Начали штурм мясных редутов, с пушками из моркови, сельдерея, с ядрами – луковицами. Шатонеф удивился, узнав, что повар у московита не француз, а немец.

– Немцы, как англичане, ничего не понимают в еде. О, бургундское! – и маркиз ласково поглаживает бутылку родного напитка. – Теперь я убедился, мой принц, Московия просвещается.

После десерта, состоявшего из орехов в меду, пастилы, фиников, Александру велено было удалиться. На столе кофе в делфтских чашечках, расписанных синью, лианами тропиков, и пузатые фляжки с ликерами.

– Его царское величество, – сказал Куракин, – несомненно пожелает встретиться с вами.

– Я чрезвычайно польщен…

Грузное тело француза расплылось в кресле, он предался пищеварению. Ну, нет, не удастся отделаться политесами! Не для того зван.

– Между нами, господин граф… Мой суверен думает, что Франция может дать нам нечто более существенное, чем рецепт гастронома. До сих пор мы, согласитесь, далеки друг от друга.

– Боже мой! – промямлил Шатонеф. – Вы правы. Ваше гостеприимство показывает…

– Не стоит благодарности. Чем богаты… Я должен добавить, такое же мнение выражено в Берлине. Книпхаузен подтвердит вам…

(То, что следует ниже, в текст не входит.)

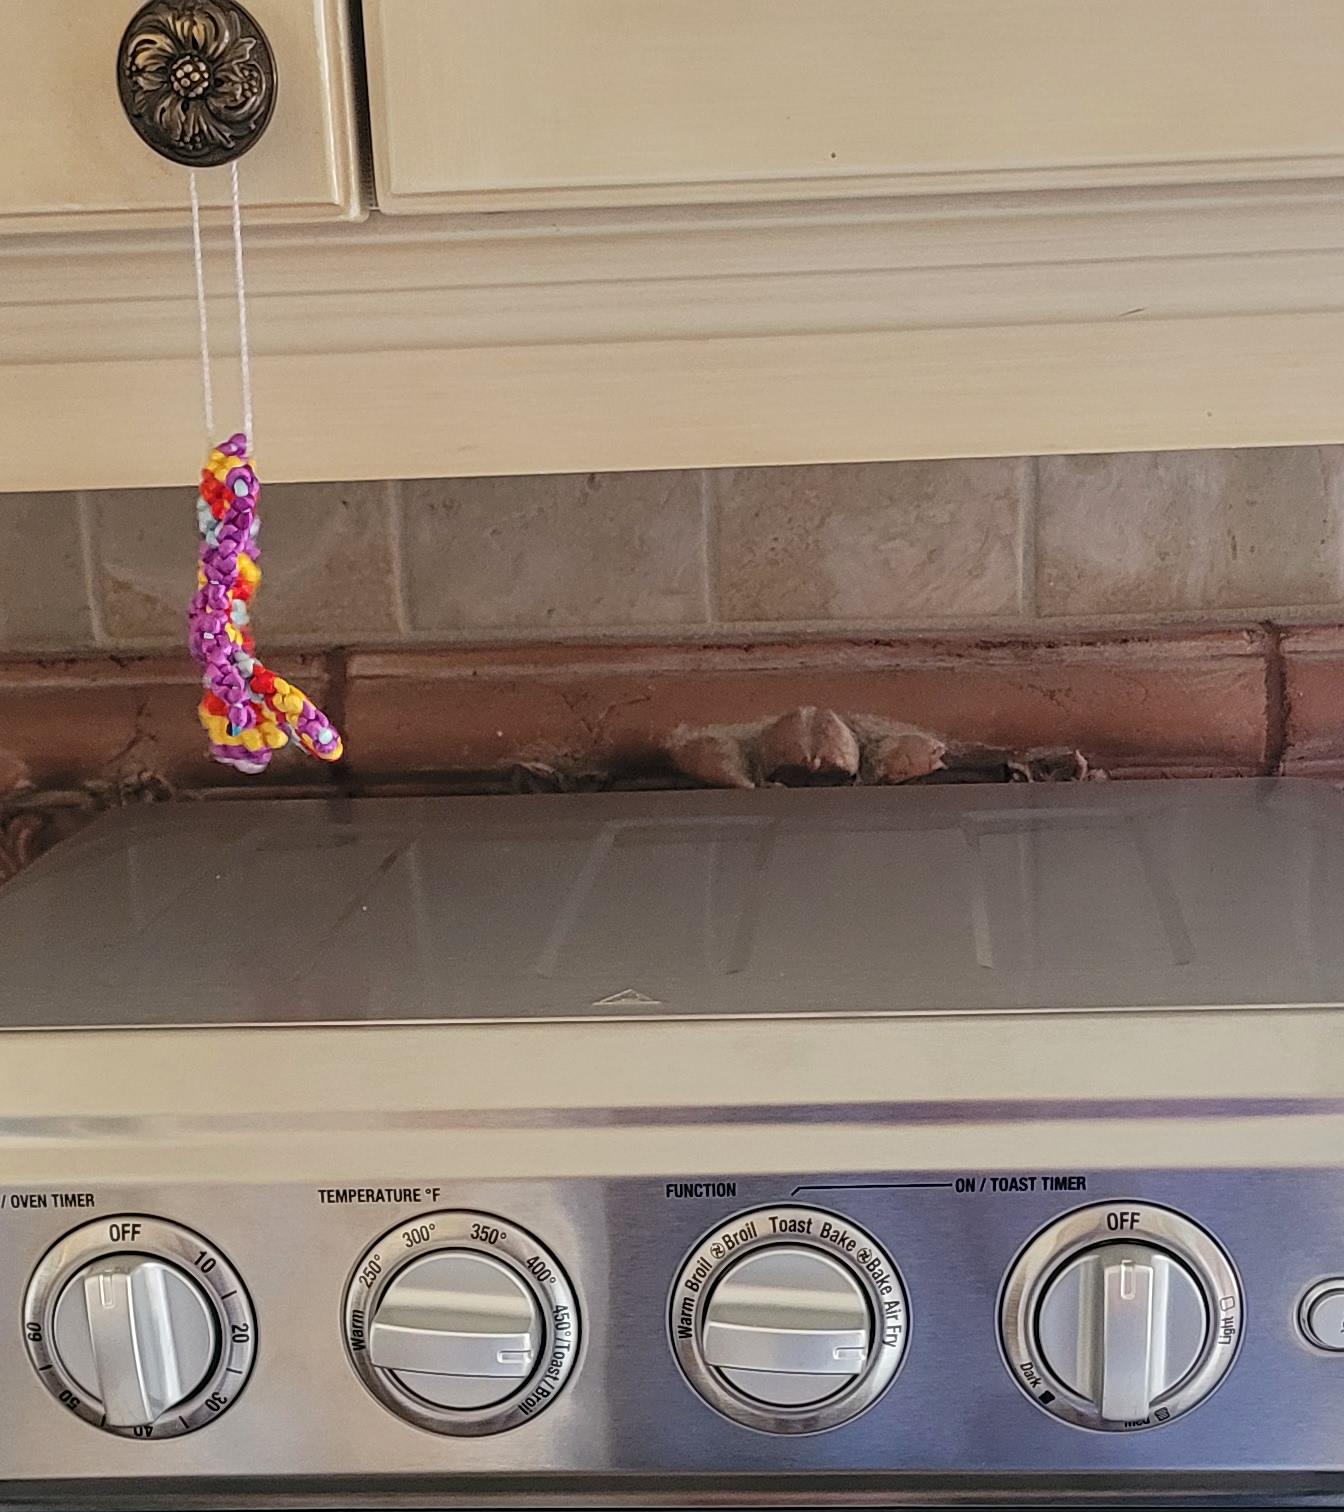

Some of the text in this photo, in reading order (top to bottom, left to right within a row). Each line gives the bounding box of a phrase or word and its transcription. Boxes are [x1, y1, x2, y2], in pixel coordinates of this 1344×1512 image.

[318, 1187, 441, 1203] TEMPERATURE °F
[666, 1182, 736, 1198] FUNCTION
[955, 1177, 976, 1193] ON
[990, 1176, 1039, 1193] TOAST
[1041, 1175, 1087, 1192] TIMER
[11, 1194, 47, 1208] OVEN
[51, 1193, 95, 1208] TIMER
[109, 1223, 142, 1242] OFF
[768, 1216, 813, 1235] Toast
[1106, 1212, 1140, 1231] OFF
[401, 1223, 436, 1249] 300°
[470, 1223, 507, 1246] 350°
[722, 1221, 758, 1251] Broil
[819, 1221, 857, 1253] Bake
[193, 1250, 217, 1274] 10
[358, 1254, 383, 1289] 250°
[526, 1255, 557, 1286] 400°
[685, 1256, 713, 1294] Broil
[865, 1257, 893, 1296] Bake
[677, 1296, 696, 1340] Warm
[882, 1300, 903, 1348] Air Fry
[26, 1322, 42, 1342] 60
[232, 1324, 249, 1344] 20
[350, 1309, 366, 1352] Warm
[1217, 1315, 1235, 1346] Light
[1019, 1361, 1042, 1389] Dark
[58, 1389, 80, 1410] 50
[204, 1391, 228, 1413] 30

– Увольте! Я отказываюсь пить с немцами.

– Не настаиваю, – смеется московит.

– Откровенно признаться, в Турции мой желудок отдыхал. Мусульмане не пьяницы, надо отдать им справедливость.

Садится на своего конька. От серьезного разговора отвиливает. Куракин отступился, даровал передышку. Пожаловался на простуду, от коей заводятся чирьи. Да, сырость виновата. Ветер западный, ненастье хлынуло от берегов Англии.

– Дай бог, чтобы англичане не помешали вам в Мардике, господин граф.

Произнес будто вскользь, разглядывая этикетку на фляге – гнома, согбенного под виноградной лозой.

Француз заморгал, заколыхался, открыл было рот, но вымолвить не успел ни слова.

– Насколько я могу судить, расширить канал несложно, – продолжал московит, повергая собеседника в смятение.

У городка Мардик, отстоящего на десять лье от Дюнкерка, – сообщалось в письме Сен-Поля, – ведутся секретные работы. По окончании канал станет доступен для кораблей с осадкой более десяти футов. Сооружается гавань для военных судов. Мирный договор, подписанный в Утрехте, нарушается.

– Мы не скрываем, – бормочет Шатонеф. – Область низменная, заливается водой…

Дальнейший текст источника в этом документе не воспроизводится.